La diagnosi del linfoma non-Hodgkin è basata sull’anamnesi (storia) personale e familiare, sull’esame clinico (palpazione dei linfonodi, del fegato e della milza), sulla diagnostica per immagini (ecografia, TAC, risonanza magnetica) e, per la diagnosi clinica e istopatologica definitiva, sulla biospsia della tumefazione. Come anticipato sopra, poichè la suscettibilità familiare allo sviluppo del linfoma non-Hodgkin non sembra presentare tratti di edreditarietà Mendeliana pura, non possibile eseguire alcun test genetico predittivo. Nei rari pazienti nei quali sembra esservi una tramissione autosomica recessiva in associazione a mutationi del gene PRF1 sono state in realtà rilevate anche caratteristiche tipiche della linfoistiocitosi emofagocitica.

Nei pazienti in cui si sospetti un linfoma non-Hodgkin verrano eseguiti gli esami del sangue di routine e alcuni dosaggi enzimatici particolari. Tali esami possono rilevare anemia, aumento della lattato deidrogenasi (LDH) e aumento della velocità di eritrosedimentazione (VES).
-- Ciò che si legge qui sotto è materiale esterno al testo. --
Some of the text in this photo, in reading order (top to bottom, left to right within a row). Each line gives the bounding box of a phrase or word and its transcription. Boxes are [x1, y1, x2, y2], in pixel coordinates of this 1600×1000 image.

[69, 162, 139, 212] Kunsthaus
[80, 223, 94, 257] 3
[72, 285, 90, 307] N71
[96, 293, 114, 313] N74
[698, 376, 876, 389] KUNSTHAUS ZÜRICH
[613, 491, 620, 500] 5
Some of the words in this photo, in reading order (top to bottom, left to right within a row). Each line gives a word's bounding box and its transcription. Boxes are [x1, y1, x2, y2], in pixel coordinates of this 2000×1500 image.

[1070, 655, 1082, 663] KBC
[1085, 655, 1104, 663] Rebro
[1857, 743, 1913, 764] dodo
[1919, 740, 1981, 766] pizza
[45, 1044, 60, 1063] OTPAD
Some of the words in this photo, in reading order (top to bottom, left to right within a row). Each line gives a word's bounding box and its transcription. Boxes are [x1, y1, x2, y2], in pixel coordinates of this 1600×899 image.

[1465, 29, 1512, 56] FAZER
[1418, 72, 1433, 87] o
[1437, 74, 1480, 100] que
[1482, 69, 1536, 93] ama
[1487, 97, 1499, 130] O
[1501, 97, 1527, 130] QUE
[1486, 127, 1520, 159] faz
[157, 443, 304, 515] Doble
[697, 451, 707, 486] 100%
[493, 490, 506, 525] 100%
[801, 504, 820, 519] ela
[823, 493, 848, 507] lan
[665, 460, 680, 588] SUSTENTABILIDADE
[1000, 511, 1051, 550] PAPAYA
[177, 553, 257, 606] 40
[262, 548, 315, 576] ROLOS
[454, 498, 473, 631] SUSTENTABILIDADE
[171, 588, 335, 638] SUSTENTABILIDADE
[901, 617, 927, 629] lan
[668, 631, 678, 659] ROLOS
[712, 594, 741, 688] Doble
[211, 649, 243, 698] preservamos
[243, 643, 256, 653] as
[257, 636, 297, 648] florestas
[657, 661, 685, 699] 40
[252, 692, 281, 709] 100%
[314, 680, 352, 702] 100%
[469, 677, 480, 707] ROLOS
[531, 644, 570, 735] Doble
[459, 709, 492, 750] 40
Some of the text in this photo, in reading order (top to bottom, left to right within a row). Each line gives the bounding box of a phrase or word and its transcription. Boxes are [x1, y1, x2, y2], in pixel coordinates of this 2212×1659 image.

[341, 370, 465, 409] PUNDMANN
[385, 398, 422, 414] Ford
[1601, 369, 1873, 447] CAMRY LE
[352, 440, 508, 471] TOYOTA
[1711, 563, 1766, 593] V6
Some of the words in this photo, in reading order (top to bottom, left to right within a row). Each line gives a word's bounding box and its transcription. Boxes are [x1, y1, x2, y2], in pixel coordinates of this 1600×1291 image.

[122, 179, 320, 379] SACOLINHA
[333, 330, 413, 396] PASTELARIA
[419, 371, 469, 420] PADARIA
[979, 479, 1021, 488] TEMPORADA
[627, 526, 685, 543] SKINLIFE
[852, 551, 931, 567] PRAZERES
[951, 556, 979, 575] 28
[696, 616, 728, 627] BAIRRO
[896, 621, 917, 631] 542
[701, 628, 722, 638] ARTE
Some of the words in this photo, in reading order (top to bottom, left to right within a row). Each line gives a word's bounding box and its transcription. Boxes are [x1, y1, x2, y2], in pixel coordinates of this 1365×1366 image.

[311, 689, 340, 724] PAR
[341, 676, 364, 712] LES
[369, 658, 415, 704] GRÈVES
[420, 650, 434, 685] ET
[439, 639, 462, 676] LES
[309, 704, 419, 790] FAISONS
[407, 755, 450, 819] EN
Cosa fare in caso di familiarità per linfoma non-Hodgkin

Purtroppo non esistono ad oggi tecniche per pervenire o prevedere in anticipo l’insorgeza del linfoma non-Hodgkin. In caso di familiarità sarebbe comunque bene informare il medico curante. Un programma di check-up con esami del sangue ed ispezione clinica ad intervalli regolari potrebbe tuttavia considerasi un approccio sensato.